Robert MacLaren, Professor of ophthalmology, says: “This is a huge leap forward for delicate and technically difficult surgery, which in time should significantly improve the quality and safety of this kind of operation.”

The trial was conducted by the University of Oxford, supported by the National Institute for Health Research Oxford Biomedical Research Centre. Results were published in Nature Biomedical Engineering.

The trial builds on earlier pioneering work at the John Radcliffe Hospital, which in 2016 carried out the world’s first robotic eye operation.

3 Pain-free, cost-cutting laser treatment

A simple, safe, pain-free laser treatment not only works better than eye drops at preventing glaucoma from deteriorating, but could also save the NHS tens of millions of pounds a year, according to eye health research at Moorfields Eye Hospital and UCL Institute of Ophthalmology.

Gus Gazzard, glaucoma service director at Moorfields and reader in glaucoma studies at UCL, says: “These results strongly suggest that laser should be the first treatment for glaucoma in all newly diagnosed patients.”

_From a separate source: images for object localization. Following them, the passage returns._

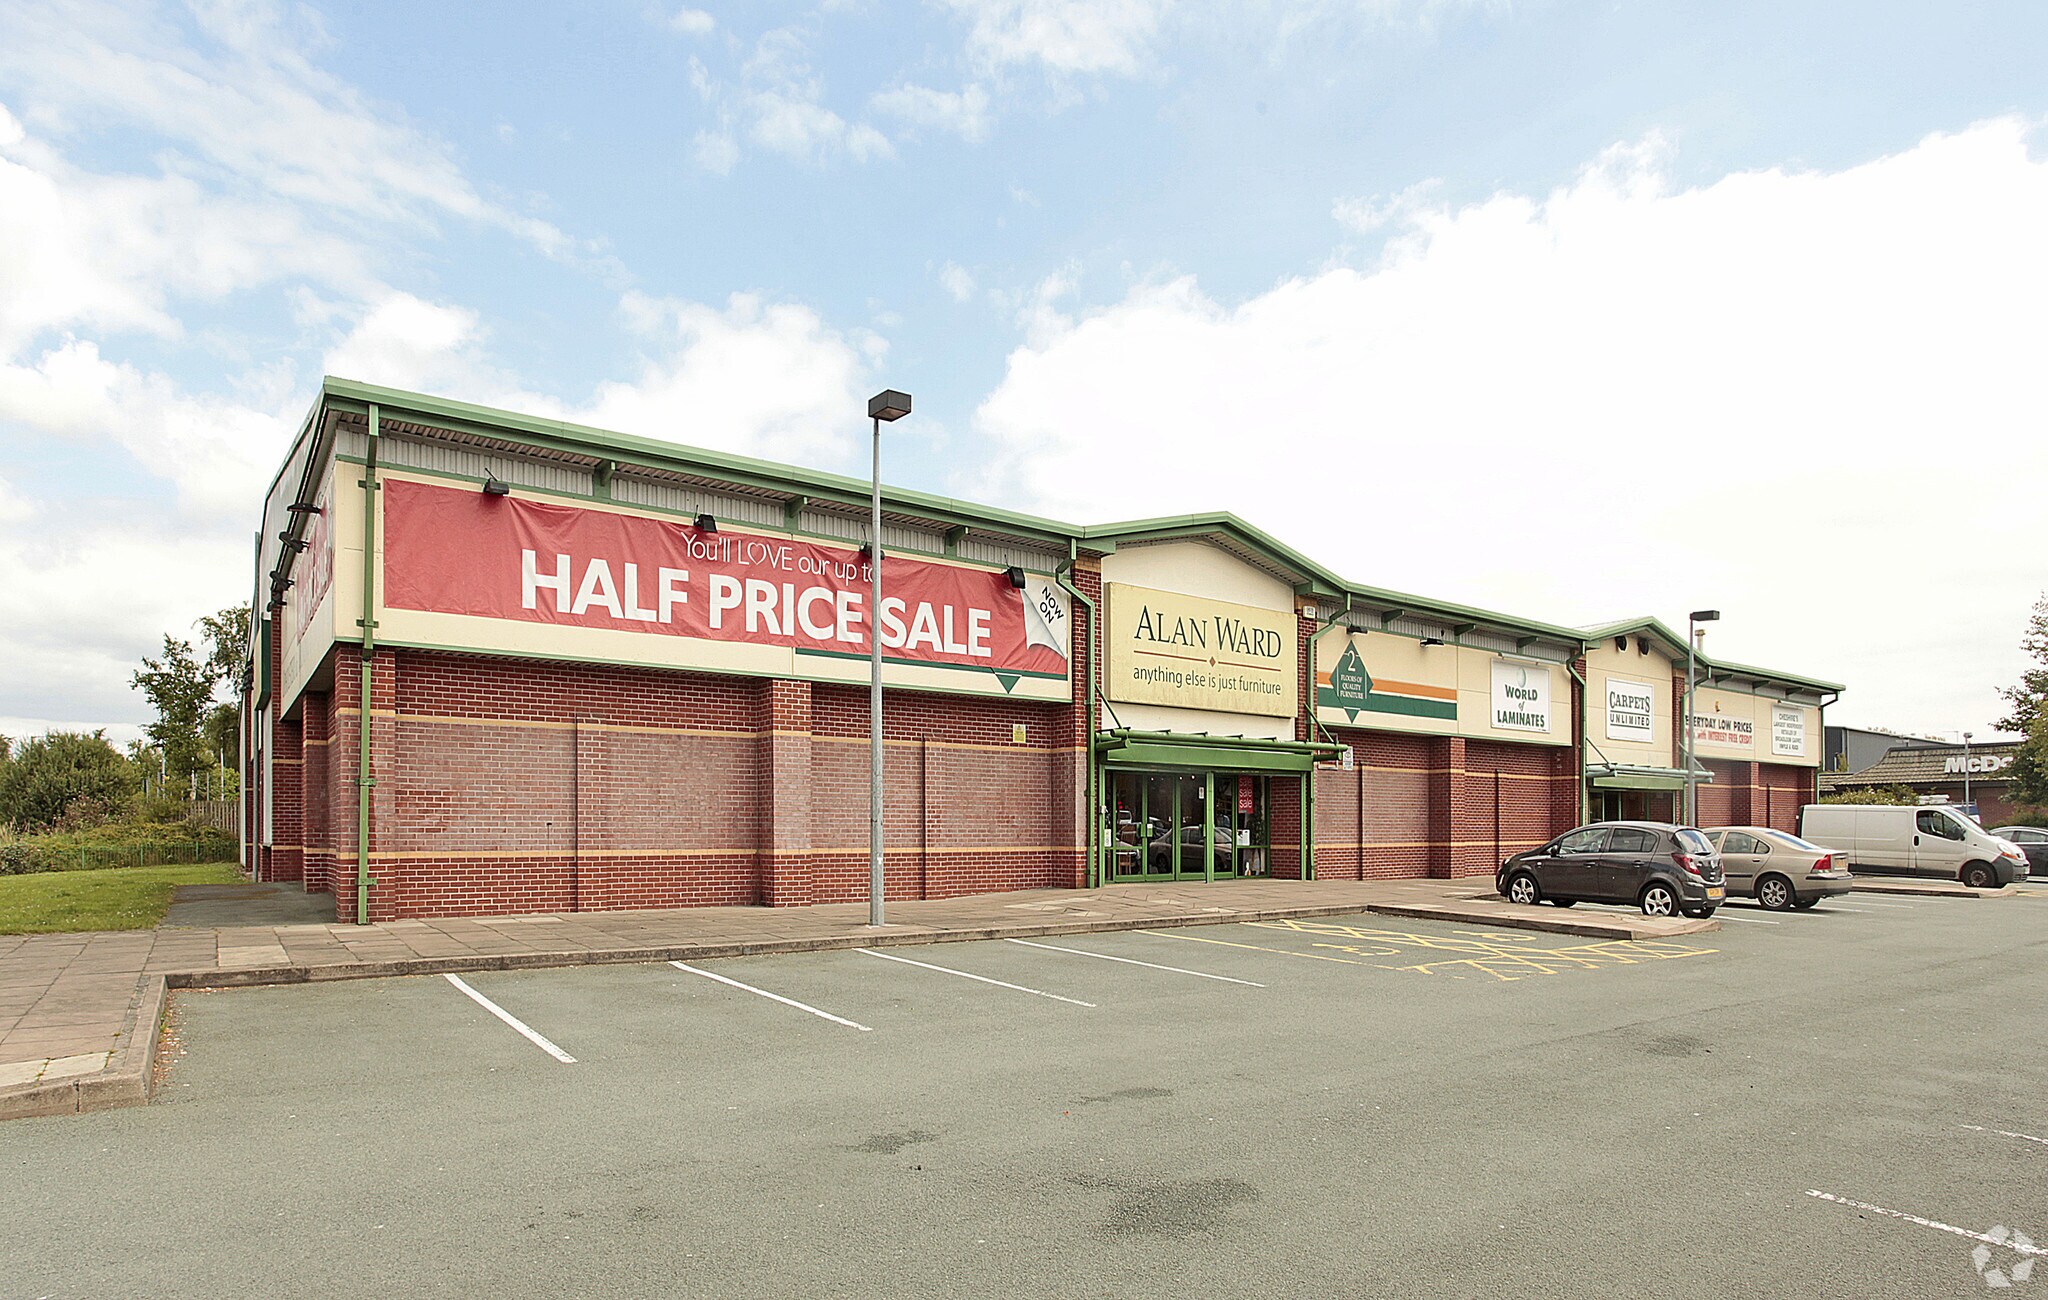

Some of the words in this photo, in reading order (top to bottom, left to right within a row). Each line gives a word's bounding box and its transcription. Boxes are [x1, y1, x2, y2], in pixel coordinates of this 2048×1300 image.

[681, 532, 731, 563] You'll
[798, 556, 829, 576] our
[835, 564, 857, 585] up
[522, 549, 689, 624] HALF
[709, 573, 863, 644] PRICE
[880, 597, 992, 657] SALE
[1042, 586, 1064, 619] NOW
[1040, 602, 1054, 624] ON
[1134, 605, 1207, 649] ALAN
[1214, 616, 1281, 658] WARD
[1347, 650, 1356, 672] 2
[1134, 665, 1183, 688] anything
[1185, 670, 1206, 687] else
[1208, 672, 1216, 688] is
[1218, 674, 1237, 692] just
[1239, 675, 1281, 696] furniture
[1342, 682, 1361, 691] QUALITY
[1505, 684, 1538, 701] WORLD
[1610, 691, 1650, 713] CARPETS
[1518, 701, 1525, 712] of
[1497, 710, 1545, 727] LAMINATES
[1610, 713, 1650, 726] UNLIMITED
[1685, 715, 1716, 729] EERYDAY
[1718, 718, 1731, 730] LOW
[1733, 720, 1752, 733] PRICES
[1239, 786, 1253, 797] sale
[1239, 797, 1253, 808] sale

The results could potentially improve global glaucoma treatment while saving the NHS up to £1.5 million a year in treatment costs for newly diagnosed patients. If the treatment proves to be as effective with previously diagnosed patients, Moorfields estimates annual savings to the NHS could reach up to £250 million.

Reported in The Lancet, the three-year trial is the largest ever of its kind. It involved 718 patients, newly diagnosed with glaucoma or ocular hypertension (higher than normal pressure in the eye).

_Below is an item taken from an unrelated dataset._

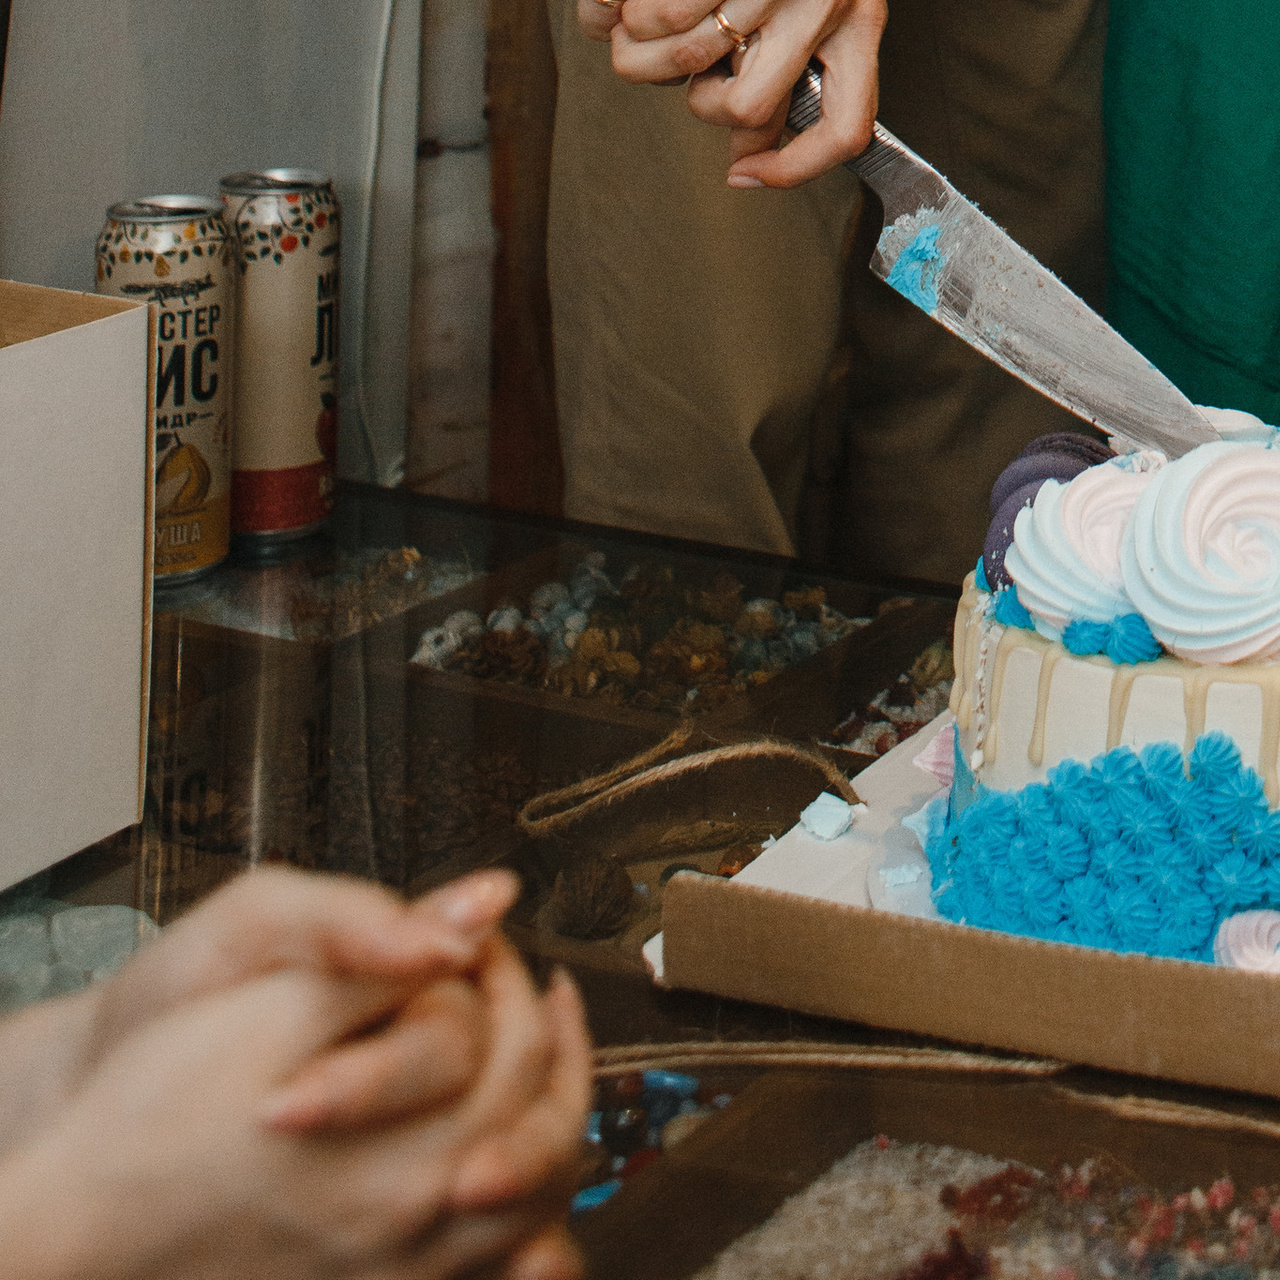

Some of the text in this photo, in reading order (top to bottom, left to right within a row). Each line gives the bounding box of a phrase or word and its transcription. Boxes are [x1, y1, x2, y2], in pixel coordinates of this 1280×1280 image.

[158, 304, 220, 341] СТЕР
[155, 338, 218, 408] ИС
[155, 412, 198, 430] ИДР
[156, 521, 201, 548] УША

Patients receiving laser therapy more regularly achieved the target intraocular pressure (pressure in the eye) than those having standard eye drops. Laser patients were also less likely to need treatment for glaucoma and cataracts.

4 Gene therapy to fill a therapeutic vacuum

The first gene therapy for inherited blindness represents a potential triumph for retinal and eye research, but it is generating extensive global controversy. Recently approved for use in Europe, it had an initial US price tag of $850,000, making it one of the world’s most expensive treatments.

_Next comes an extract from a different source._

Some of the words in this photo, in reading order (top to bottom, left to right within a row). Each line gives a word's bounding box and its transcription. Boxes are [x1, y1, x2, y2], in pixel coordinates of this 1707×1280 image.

Luxturna can restore vision in people with a rare RPE65 genetic mutation that causes progressive vision loss which begins in childhood. The RPE65 gene provides instructions for making a protein that is essential for normal vision. Most patients are blind by the time they become young adults. There is no other treatment for the disease. Treatment consists of injections of the RPE65 gene into the retina.

An estimated 337 people in the UK have inherited retinal disease. Mutations in both copies of the RPE65 gene are estimated to affect about one in 200,000 people.

Dr David Rind, of the US Institute for Clinical and Economic Review, says: “While the evidence is clear the therapy improves vision for patients over several years, the long-term duration of this benefit remains unknown. Assuming a ten to twenty-year benefit period, at list price the treatment does not meet standard cost-effectiveness thresholds.”

5 Bionic eye

A five-year study of a bionic eye tested by five patients with little or no sight marks a big step forward in eye health research, according to preliminary reports.

But the researchers stress they are a long way from achieving full vision for their research subjects. For example, a patient may be able to see an object without knowing if it is a mug or a baseball.

William Bossing, assistant professor of neurosurgery at Baylor College of Medicine, in Houston, Texas, says the research was designed to enhance optimal interface between the Orion bionic eye and the brain to enable the research participants to see forms and shapes.

Surgically implanted in the brain, the Orion includes a camera mounted on a pair of image-capturing eyeglasses. It delivers patterns of stimulation directly to the visual part of the brain; in other words, it can bypass broken optical nerves.

Daniel Yoshor, Baylor professor of neurosurgery, explains: When you think of vision, you think of the eyes, but most of the work is being done in the brain. Impulses of light projected on to the retina are converted into neural signals that are transmitted along the optic nerve to parts of the brain.”